An employer will be vicariously liable for an employee’s
tort when the employee has carried out an authorized act in a careless way. In Century Insurance Co v Northern Ireland
Road Transport[20]
while delivering petrol to garage, the driver was smoking a cigarette whilst
petrol was flowing from the truck to an underground tank, he carelessly threw
away the burning match and this caused an explosion. This act of smoking was an
authorized act as it was not forbidden but he did it in a careless way hence
his employers were held vicariously liable. The employer is also vicariously
liable if he has allowed the employee to do an unlawful act or abated him to do
a tortious act. Another instance in which the employer will be vicariously
liable is if the employee has carried out an authorized act in an unauthorized
way, in Poland v Parr[21],
an off duty employee who suspecting that a boy would steal sugar from the cart,
punched the boy and the boy got injured, the employers were held liable as the
unauthorized way the authorized act was carried in to the benefit of the employer
The last situation that can guarantee the employer being vicariously liable is
when the employee has carried out an act that had been expressly forbidden but
was for the benefit of the employer, in CPR
v Lockhart,[22]
an employee was allowed to use his personal car on outside jobs, provided that
it had insurance, the privy council held that his employers despite this
stipulation were liable for the damage he caused when he drove an uninsured
car.
Employer’s
indemnity
As vicarious liability means that two parties are held
responsible for a tort, the Civil Liability (Contribution) Act 1978 applies.
This means that an employer found vicariously liable may, in turn, sue its
employee to recover some or all of the damages awarded against it. Common law
also allows the employer to recover damages from the employee in certain
circumstances
Conclusion.
During days of slavery masters were held responsible for
every tort there slaves committed as it was negligent on their part not to
discipline them well and that is what resulted in them committing the torts in
the 1st place. During this era employers are held liable for particular torts
of their employees as they are seen as being negligent enough to not to hire
efficient workers who are skilled well and do not commit torts during their
course of employment.
The masters indemnity during those days of slavery was that
he could sell off the slave, punish him or her physically or loan his or her
out so that she can work to pay the damages she caused her or his master to pay.

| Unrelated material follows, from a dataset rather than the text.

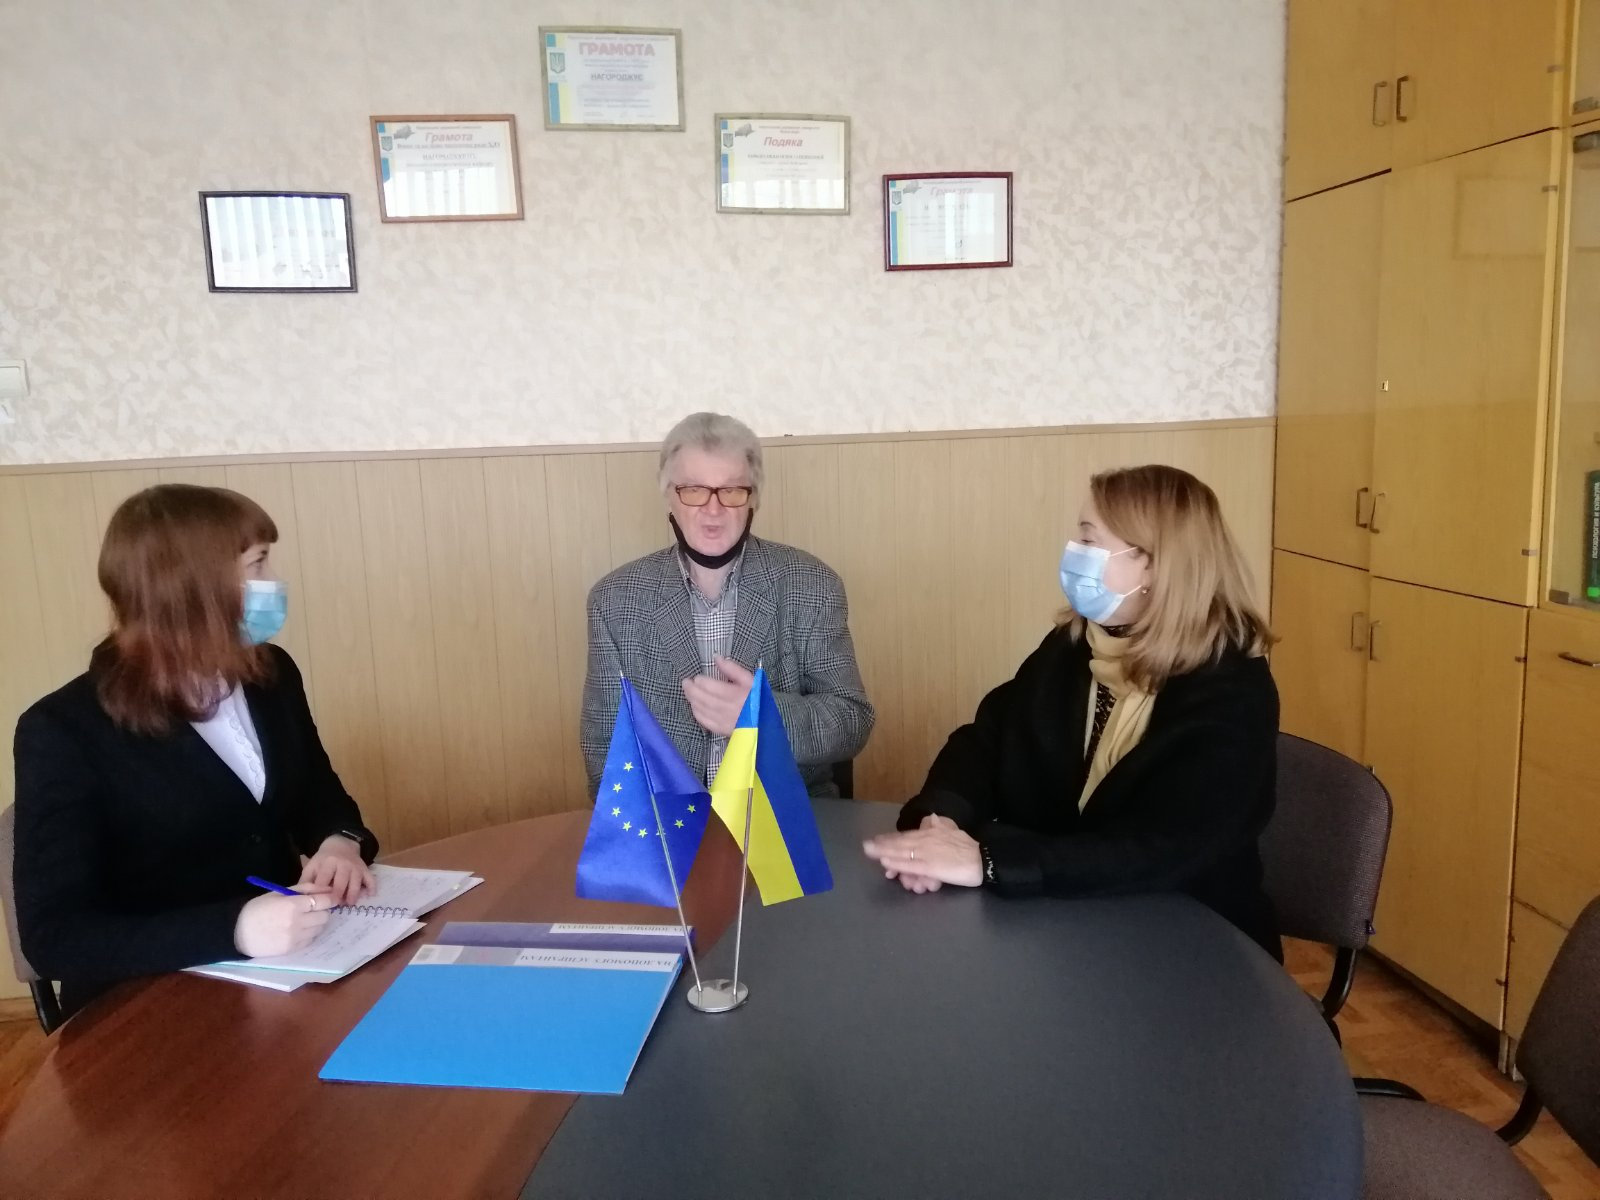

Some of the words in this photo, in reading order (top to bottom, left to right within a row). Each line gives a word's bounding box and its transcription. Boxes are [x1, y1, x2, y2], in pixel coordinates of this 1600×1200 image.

The employer’s indemnity gives employers a chance to sue their employees on
damages caused but their torts, this may be through disciplinary action such as
dismissal or giving the employee a chance to make the money lost.
The logic of the ill and vile practice has however come to
be of use to employees of low means, this is evident in the event that slaves
were generally low employees who were worth nothing if not very little, hence
low employees for example nurses , if nurses commit a tort in the course of
their employment it is not them that are sued primarily for reasons of
vicarious liability but secondarily because they cannot pay in damages as much
as the hospital can as the hospital has more money than them.